Exclusively Online | Spring 2019 Issue

“A Lighter Look”

Rick Meyer's regularly appearing column takes a lighter look at politics and public affairs around the world. This month: Switzerland is a sensible place, but this is a bad idea.

By Richard E. Meyer

What?!

The Swiss think coffee might not be essential for human survival. I’m part Swiss, and they’re wrong. Forget survival; I need coffee to be functional.

Don’t misunderstand. I’m American and proud of it. As Bruce Springsteen would say, “Born in the USA.” But my mother immigrated from Switzerland, and she had a cup of coffee every morning. She would be shocked.

Switzerland, by a recent account in the Washington Post, is deciding whether to continue stockpiling coffee in its bomb shelters.

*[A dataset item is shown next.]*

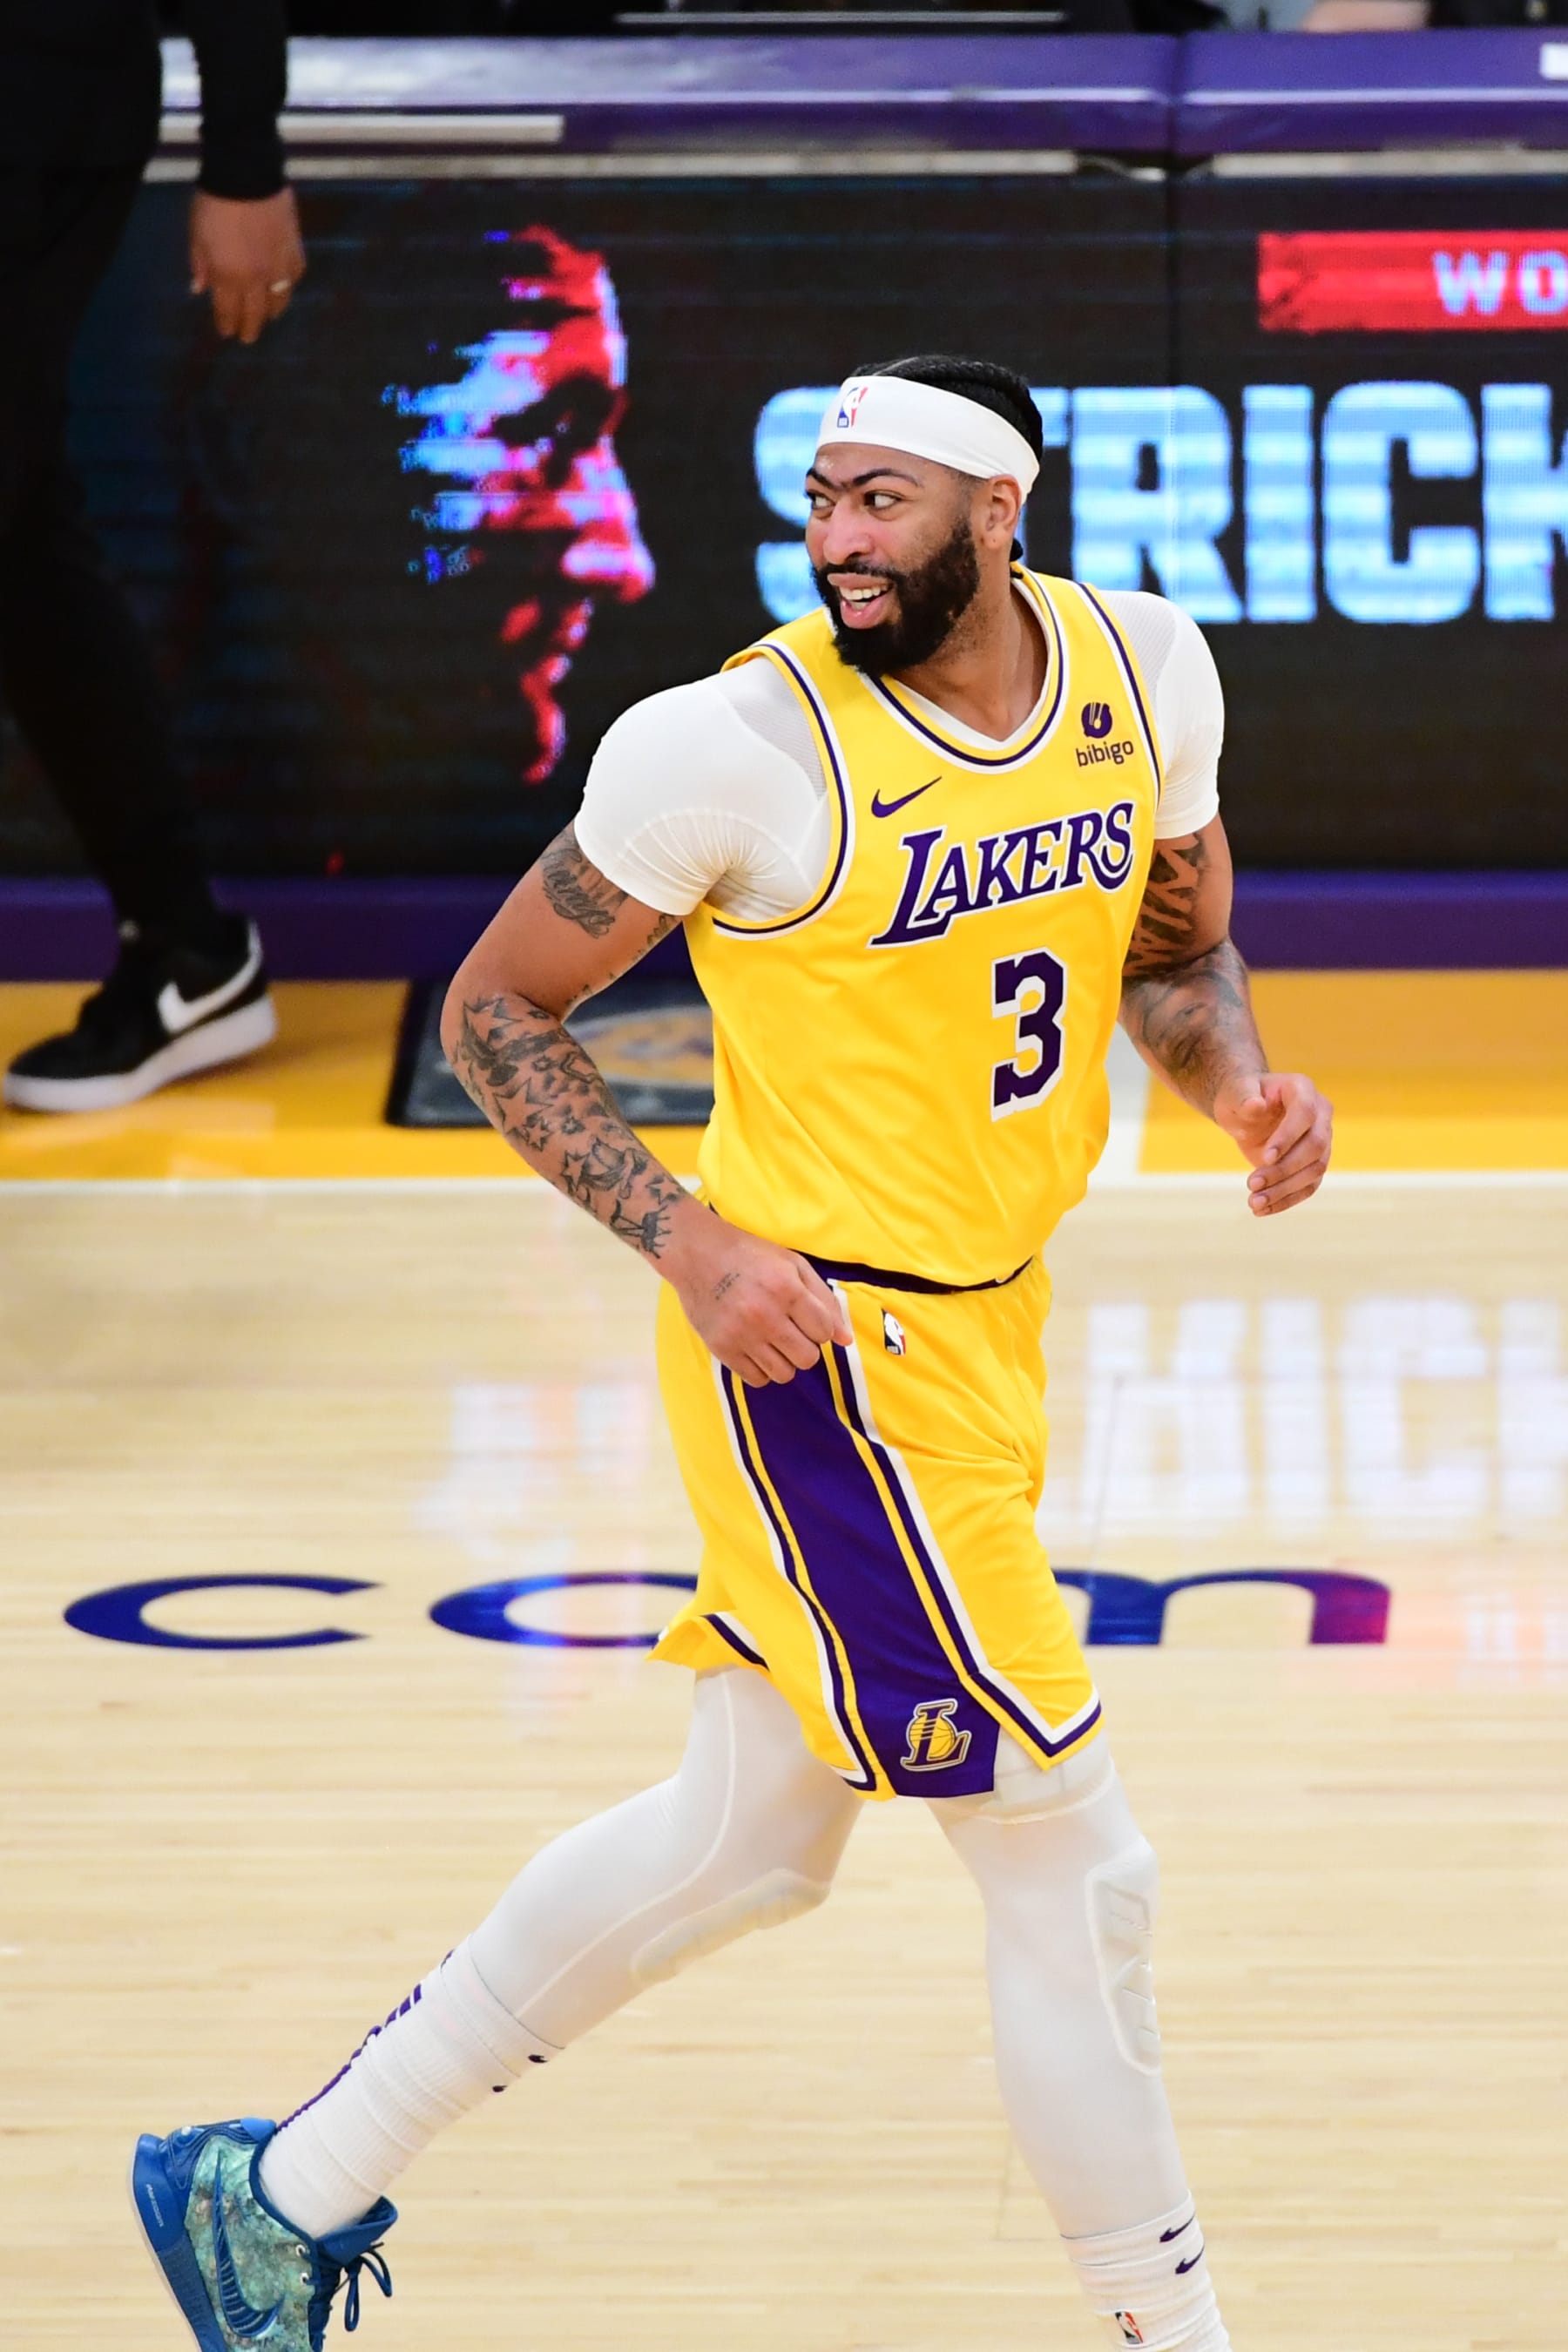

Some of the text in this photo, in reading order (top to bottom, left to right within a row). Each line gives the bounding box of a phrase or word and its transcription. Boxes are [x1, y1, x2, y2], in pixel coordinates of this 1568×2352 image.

There are 300,000 of them, “designed to withstand nuclear attacks or other threats to humankind,” as the Post put it, “deep beneath the about 700,000 bell-clanging dairy cows chewing soft grass, drinking from clean glacier rivers and staring at snowy mountains.”

Who knew?

Here in the United States, politicians and the government are practiced at making moon-dog mistakes. But in sane, stable Switzerland?

It’s a certifiably bad idea to stop stashing coffee inside bomb shelters. Swiss officials say they will make up their minds by November. But they seem to be telegraphing a verdict. “Coffee has almost no calories,” the government says, “and subsequently does not contribute, from the physiological perspective, to safeguarding nutrition.”

Wait! What about the psychological perspective?

I go nuts without coffee. Ask my wife.

No telling what I would do without coffee during the apocalypse.

Never mind that coffee can make you nervous, anxious, even agitated. When Dan White assassinated San Francisco Mayor George Moscone and fellow supervisor Harvey Milk, his defense psychiatrist said he had been binging on Twinkies and Coke. He got off with voluntary manslaughter. It became known as “the Twinkie defense.” He should have blamed too much coffee. He would have been acquitted.

Never mind that coffee can upset your stomach, cause nausea, even vomiting. Just add more cream. Never mind that coffee can make you breathe faster, increase your pulse rate, even invite your heart to jitterbug. Find a chair, and sit out the dance. Never mind that coffee can give you a headache, ringing in your ears and insomnia. Don’t be dumb; don’t drink two cups after watching Colbert.

What you never want to do, though, is wake up in a nuclear shelter, stumble around and discover there’s no arabica.

The Swiss are being more than a little hypocritical. “Few nations in the world,” the Post says, “drink more coffee per capita than the Swiss.”

There must be some people, in what could have been my homeland, who are interested in the priorities of necessity. On their behalf, I am mounting a campaign to keep coffee in the bomb shelters.

Indeed, double the supply. And add a little schnapps.

 

Richard E. Meyer

Richard E. Meyer

Meyer is the senior editor of Blueprint. He has been a White House correspondent and national news features writer for the Associated Press and a roving national correspondent and editor of long-form narratives at the Los Angeles Times.